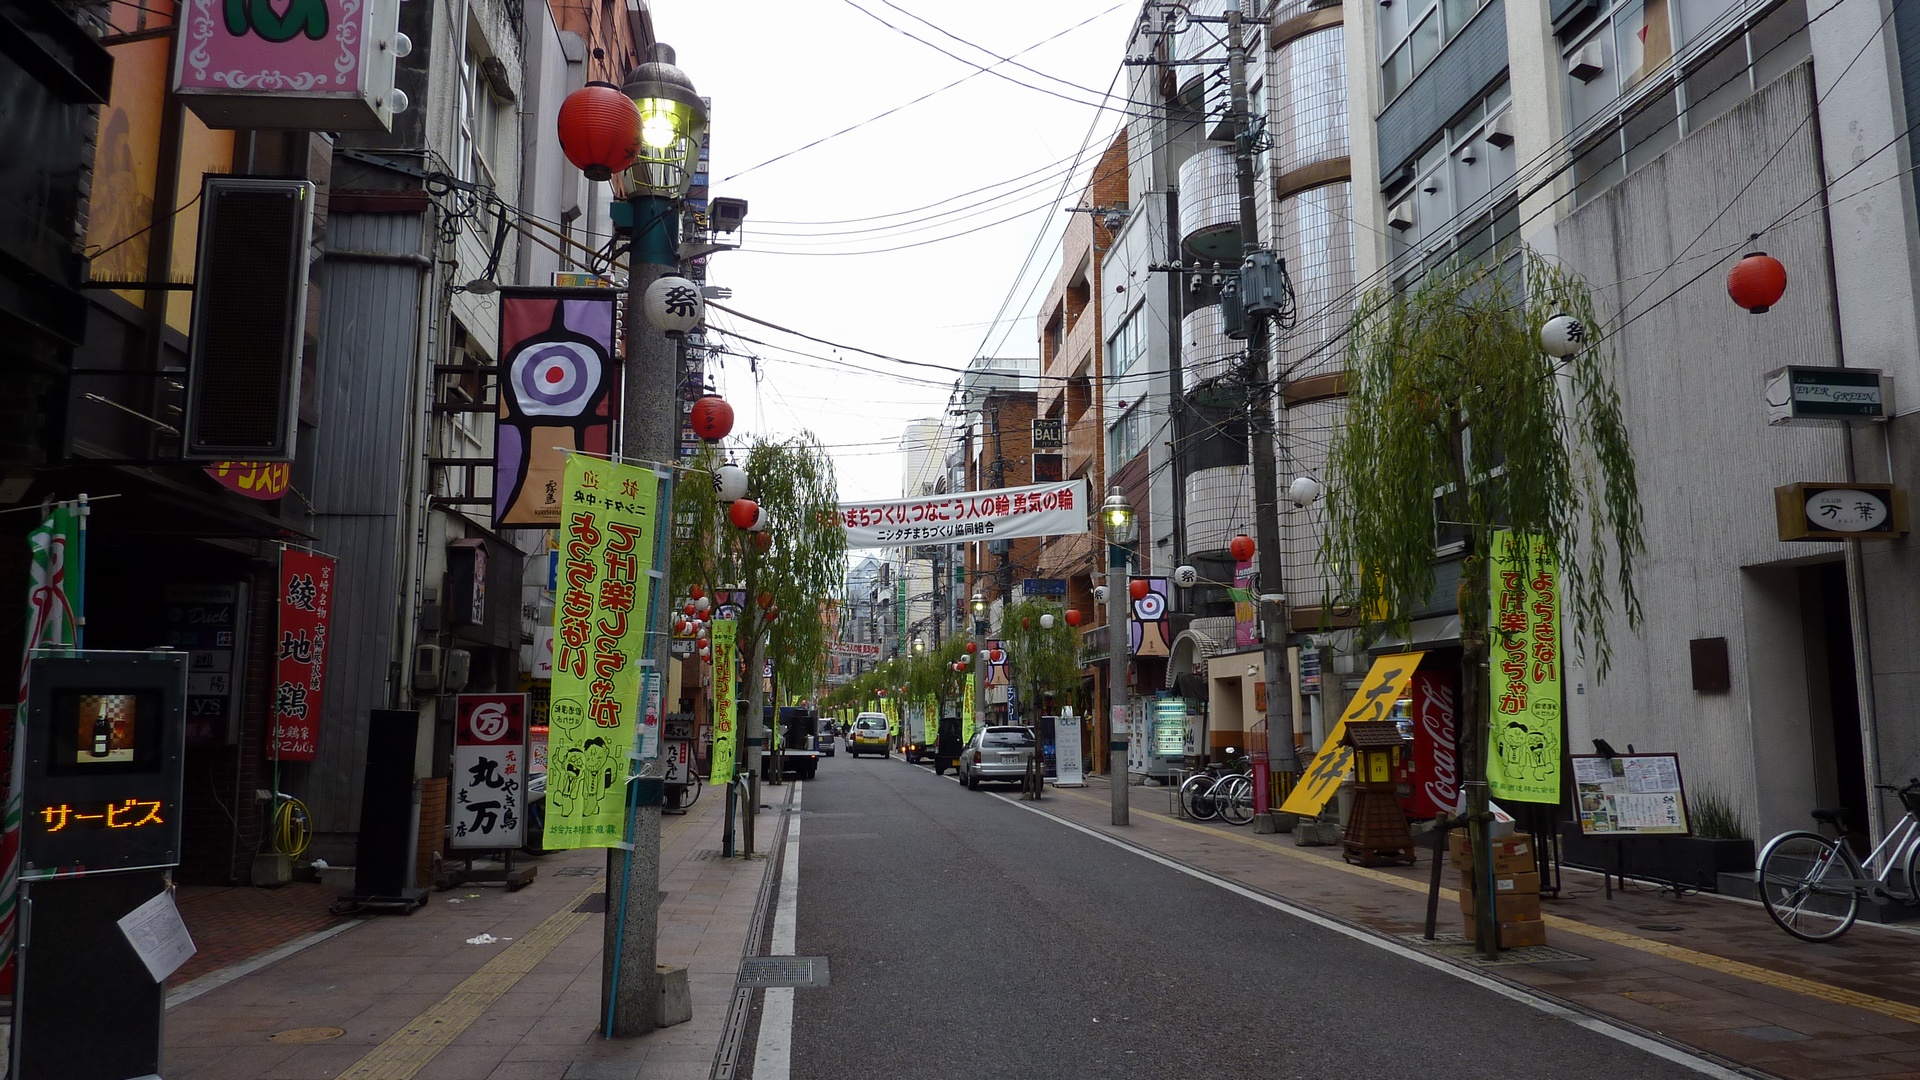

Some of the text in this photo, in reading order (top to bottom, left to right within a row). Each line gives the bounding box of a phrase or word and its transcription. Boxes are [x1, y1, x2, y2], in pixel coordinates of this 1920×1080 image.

[666, 286, 698, 317] 祭
[1566, 320, 1583, 343] 祭
[1796, 386, 1876, 402] EVER GREEN
[1035, 428, 1061, 441] BALI
[1013, 488, 1073, 516] 勇気の輪
[1820, 502, 1876, 522] 万葉
[1531, 571, 1555, 684] よっちきない
[276, 574, 317, 720] 綾地鶏
[505, 750, 518, 775] 元祖
[466, 757, 505, 835] 丸万
[40, 799, 163, 832] サービス
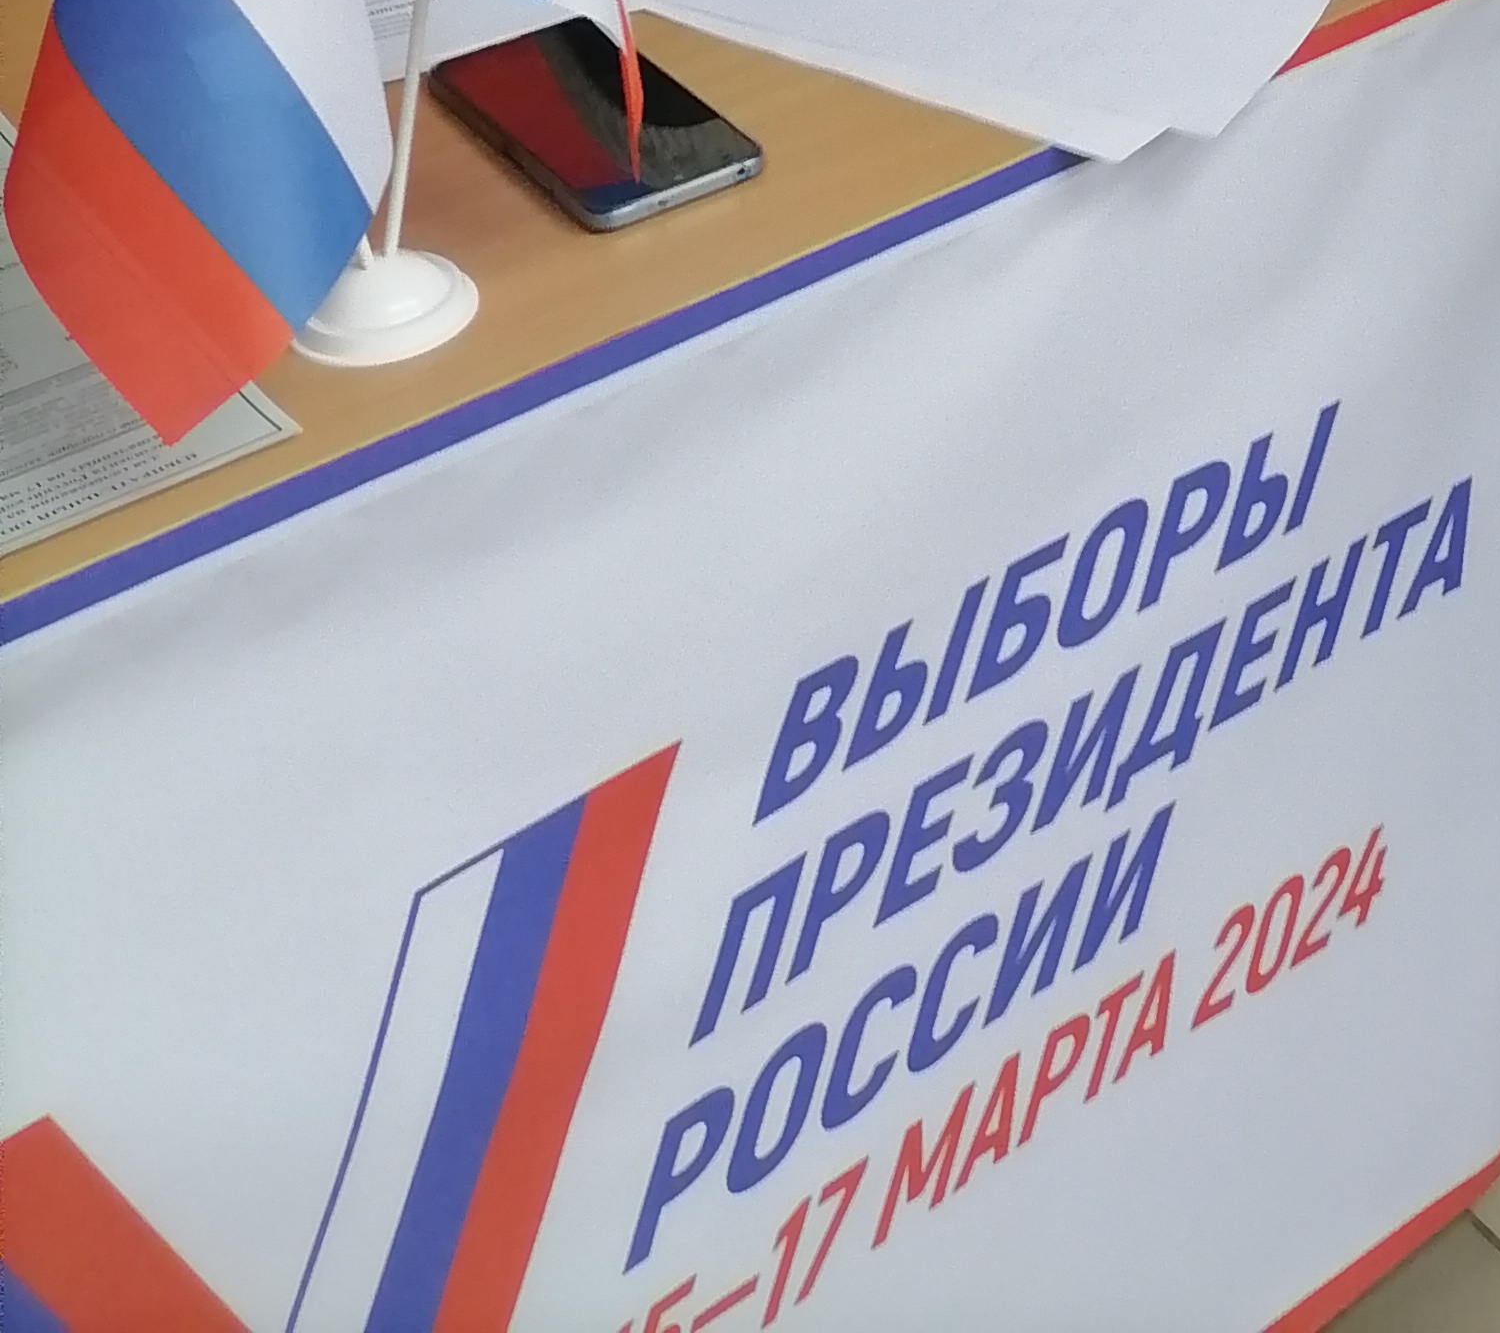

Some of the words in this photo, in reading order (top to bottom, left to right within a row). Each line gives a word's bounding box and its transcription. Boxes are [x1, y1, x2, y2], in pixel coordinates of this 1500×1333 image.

[690, 475, 1474, 1045] ПРЕЗИДЕНТА
[753, 401, 1340, 826] ВЫБОРЫ
[621, 801, 1177, 1275] РОССИИ
[870, 949, 1175, 1250] МАРТА
[1190, 823, 1387, 1031] 2024
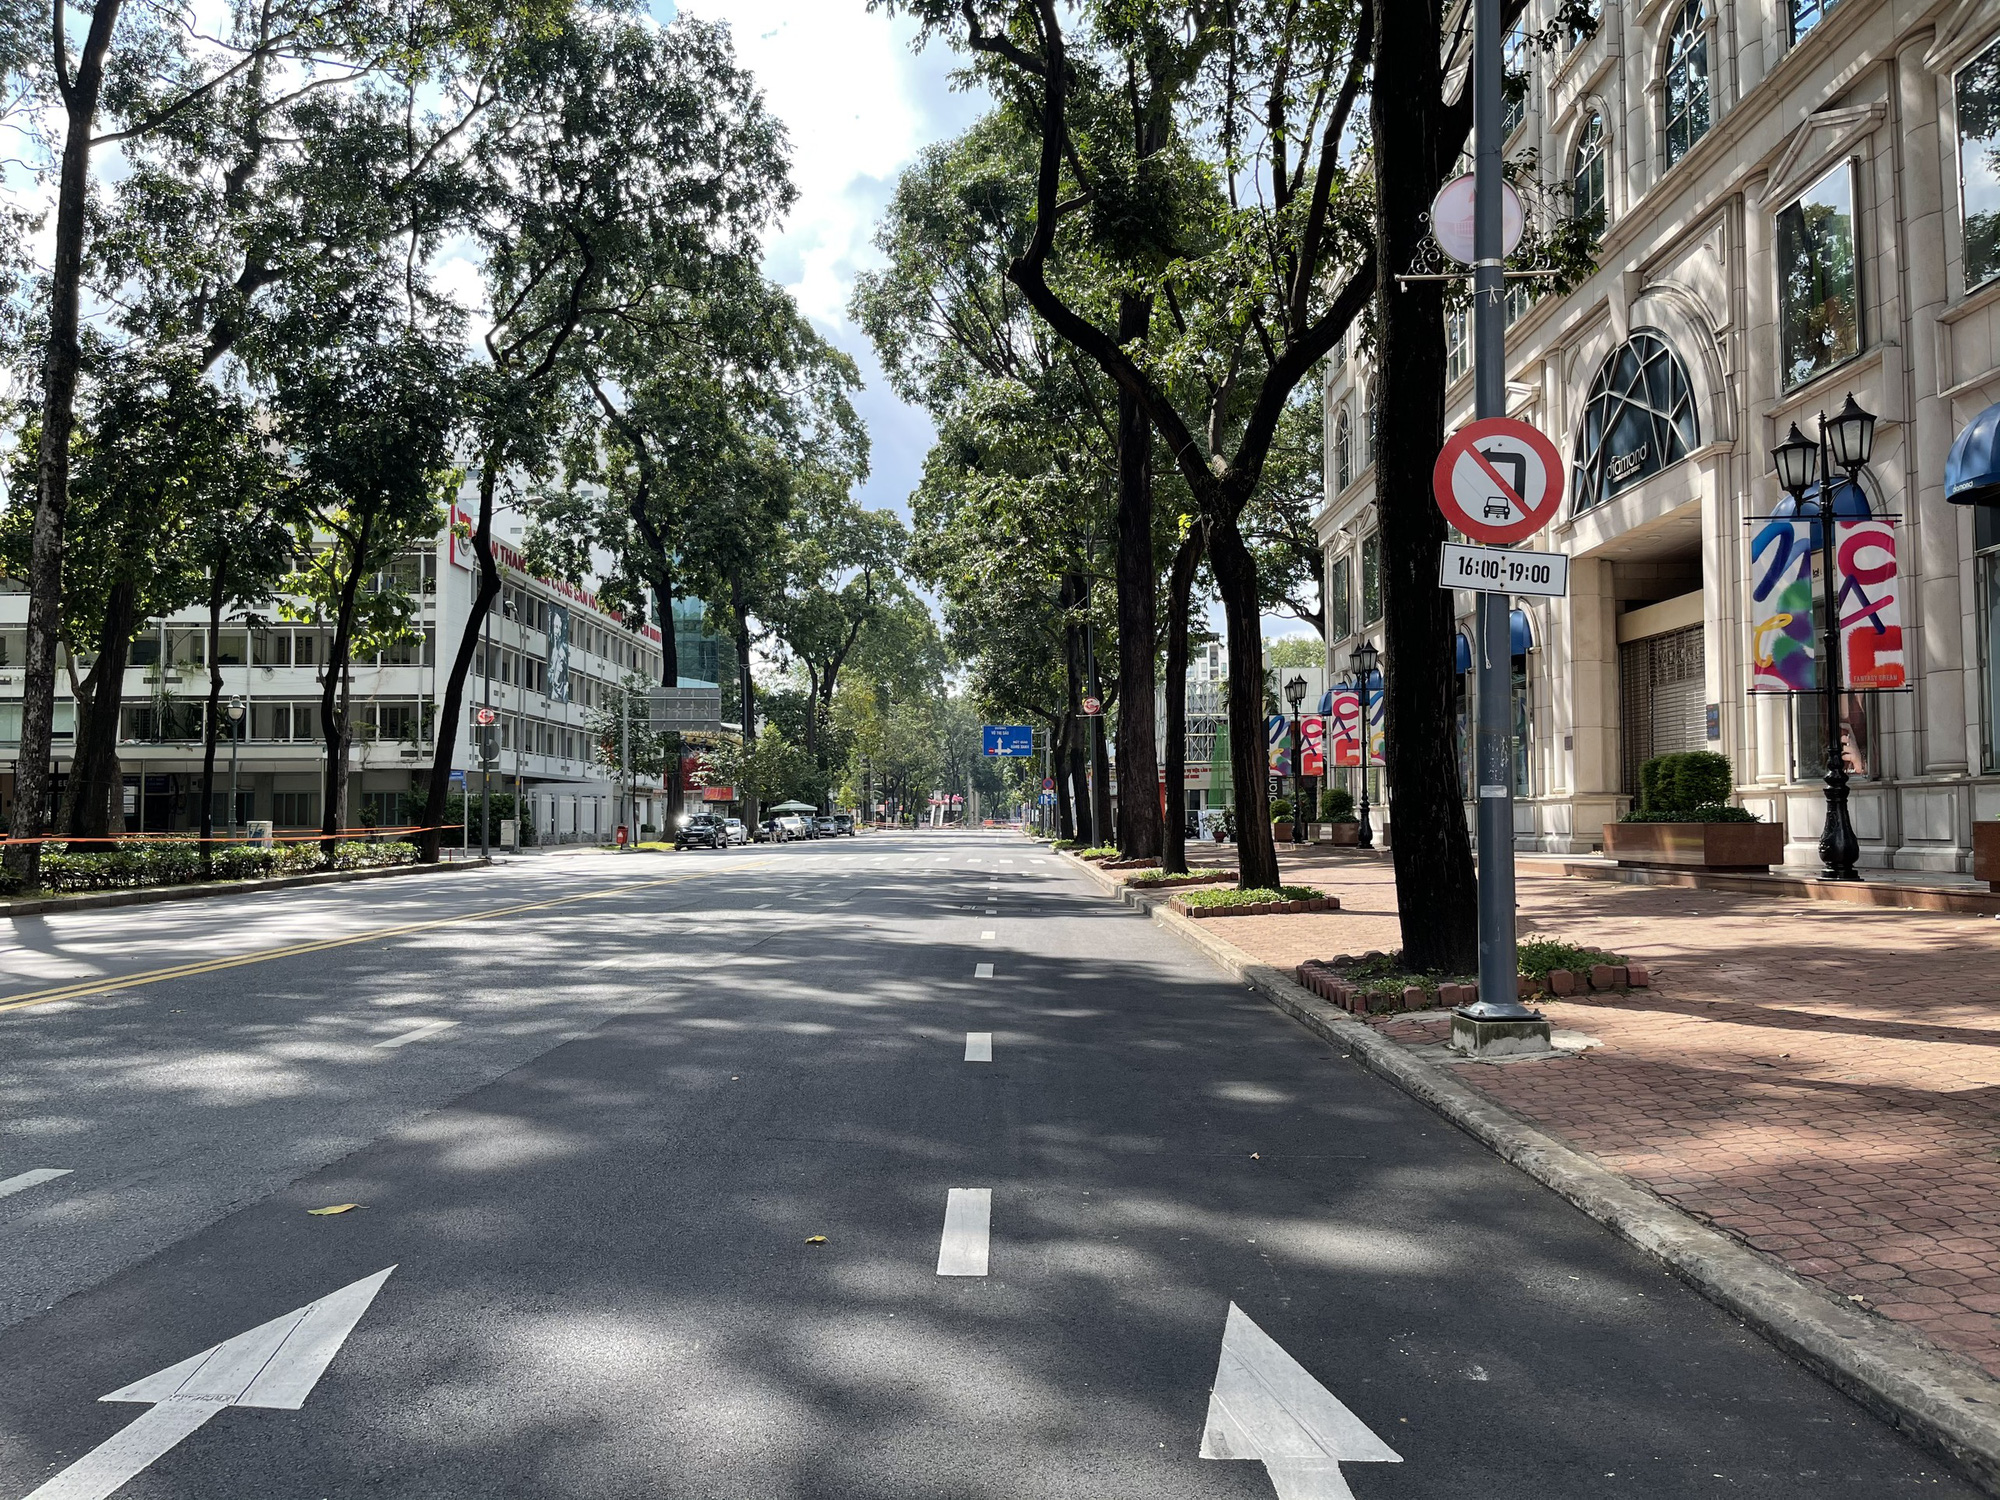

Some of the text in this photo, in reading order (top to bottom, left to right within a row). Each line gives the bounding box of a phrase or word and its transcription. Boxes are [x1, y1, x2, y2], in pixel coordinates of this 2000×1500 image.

[1606, 441, 1647, 480] diamond
[1953, 480, 1974, 493] diamond
[1458, 555, 1551, 584] 16:00-19:00
[1853, 674, 1878, 683] FANTASY
#####
Exercise objective:
Find the line that contains "Some of the words" and repeat it, along with every line after it to the end of the data, exactly; drop the pictures.

Your solution:
Some of the words in this photo, in reading order (top to bottom, left to right within a row). Each line gives a word's bounding box and its transcription. Boxes are [x1, y1, x2, y2], in pixel coordinates of this 1500×1333 image.

[690, 475, 1474, 1045] ПРЕЗИДЕНТА
[753, 401, 1340, 826] ВЫБОРЫ
[621, 801, 1177, 1275] РОССИИ
[870, 949, 1175, 1250] МАРТА
[1190, 823, 1387, 1031] 2024

Some of the text in this photo, in reading order (top to bottom, left to right within a row). Each line gives the bounding box of a phrase or word and its transcription. Boxes are [x1, y1, x2, y2], in pixel coordinates of this 2000×1500 image.

[1606, 441, 1647, 480] diamond
[1953, 480, 1974, 493] diamond
[1458, 555, 1551, 584] 16:00-19:00
[1853, 674, 1878, 683] FANTASY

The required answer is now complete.